What they found was simply amazing.
Sheffield et al. note with respect to global and continental droughts" "...The longest duration drought was 49 months (4 yr) in Asia from 1984 to 1988, closely followed by the 1950–53 North American drought (44 months)..."
Now, here's where the counters jump in. They'll find a drought index somewhere that negates the findings, or they'll claim cherry-picking (only used the period from 1950 to 2000) and missed the dust bowl era and the recent Texas and Mexico droughts.
Still, they managed to find a drought back in 84-88, when the CO2 levels ranged from 344.24 - 351.47. You'll see that we crossed the deadly upper limit of CO2 (350ppm) during this time.
"...The most spatially extensive was the African drought of the early 1980s, which reached its peak extent in April 1983 when it covered over 11 million square kilometers..."

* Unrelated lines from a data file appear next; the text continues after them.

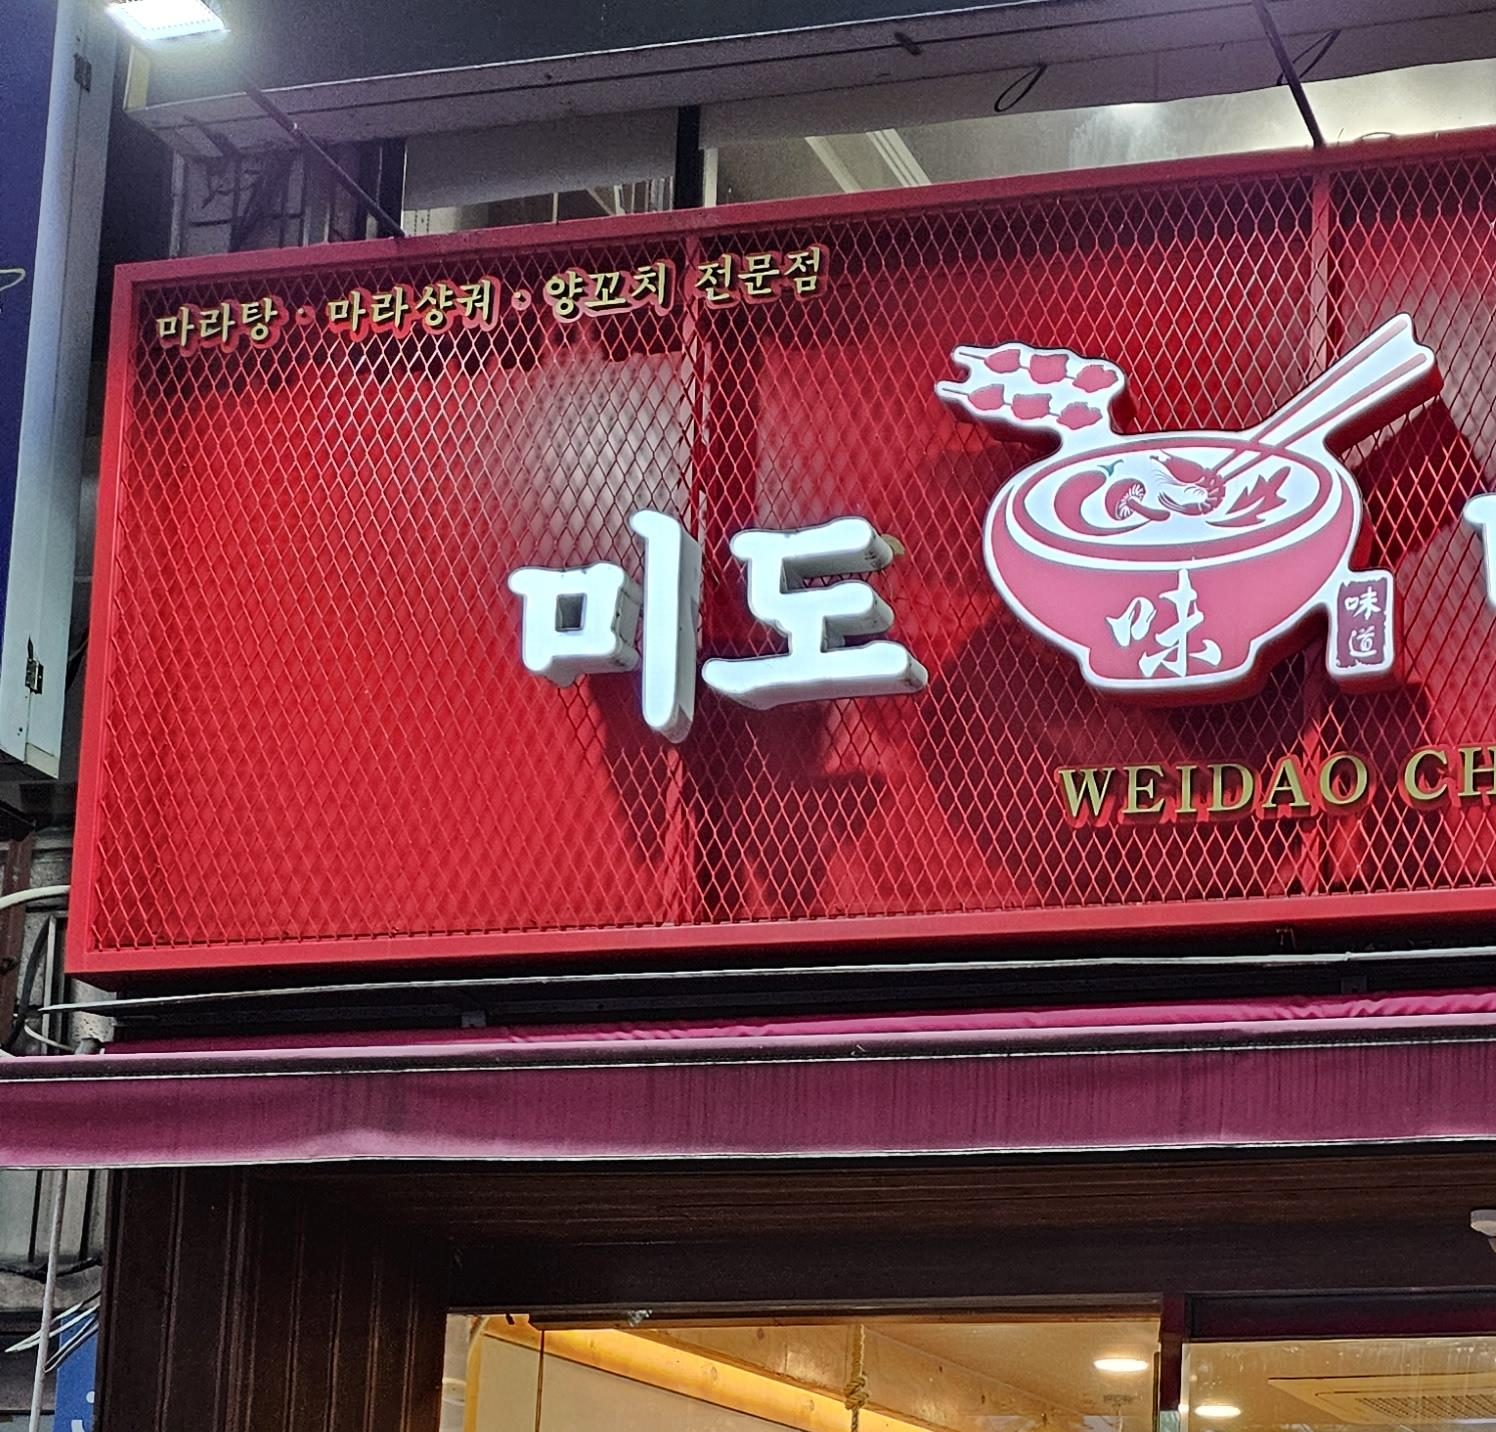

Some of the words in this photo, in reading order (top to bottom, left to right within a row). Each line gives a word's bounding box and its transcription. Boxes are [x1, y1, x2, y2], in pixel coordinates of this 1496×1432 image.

[156, 297, 278, 347] 마라탕
[327, 280, 495, 333] 마라샹궈
[545, 262, 667, 315] 양꼬치
[696, 245, 823, 301] 전문점
[507, 509, 929, 744] 미도
[1108, 558, 1221, 679] 味
[1344, 589, 1383, 660] 味道
[1058, 752, 1370, 820] WEIDAO
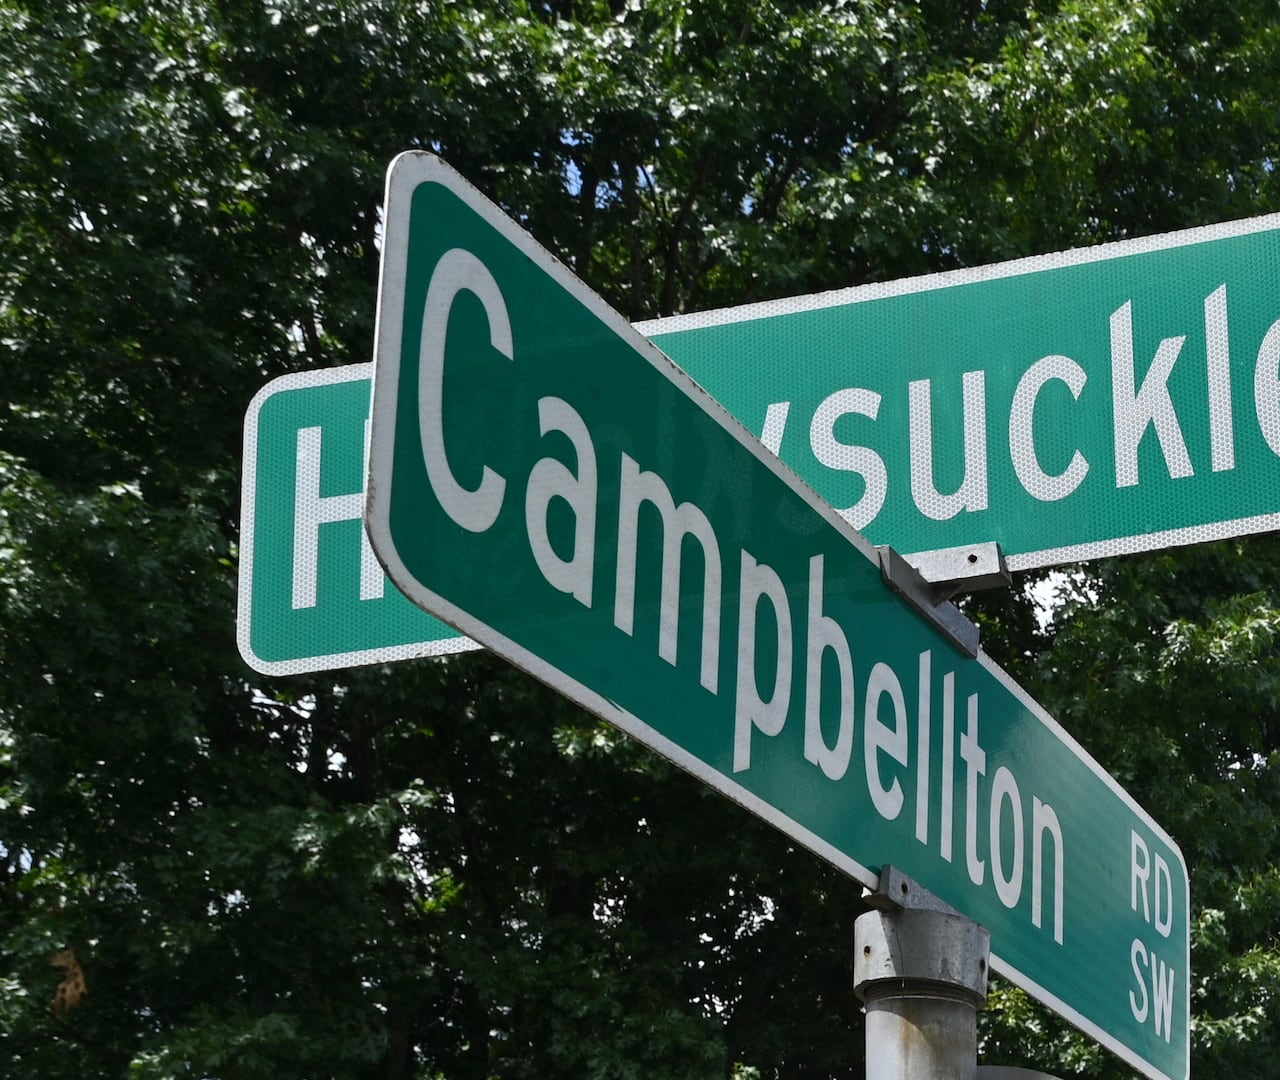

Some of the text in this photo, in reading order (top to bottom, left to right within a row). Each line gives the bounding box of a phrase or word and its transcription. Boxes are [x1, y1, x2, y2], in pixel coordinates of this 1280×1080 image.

[418, 248, 1064, 946] Campbellton
[1130, 828, 1173, 938] RD
[1128, 938, 1175, 1045] SW

Again, this extreme drought occurred when the CO2 was BELOW the magic 350ppm level (342.53).
The telling parts of their research, their time series plot for the globe and for various continents shows no upward trend whatsoever.
Using their data, "...The mean number of global droughts > 500,000 km2 occurring in any month is about 4.5 (or 55 yr-1) with a standard deviation of 1.6. This time series is quite variable and indicates several periods of increased global drought activity: the mid-1950s, 1960s, late 1980s to early 1990s, and late 1990s. The mid-1970s to mid-1980s are characterized by the lowest number of droughts, apart from a short burst of activity around 1976–77. The year with most drought months is 1992..".
In other words, Sheffield et al. analyzed drought patterns at the global scale for the period 1950 to 2000, and found no evidence to support claims of increasing drought activity.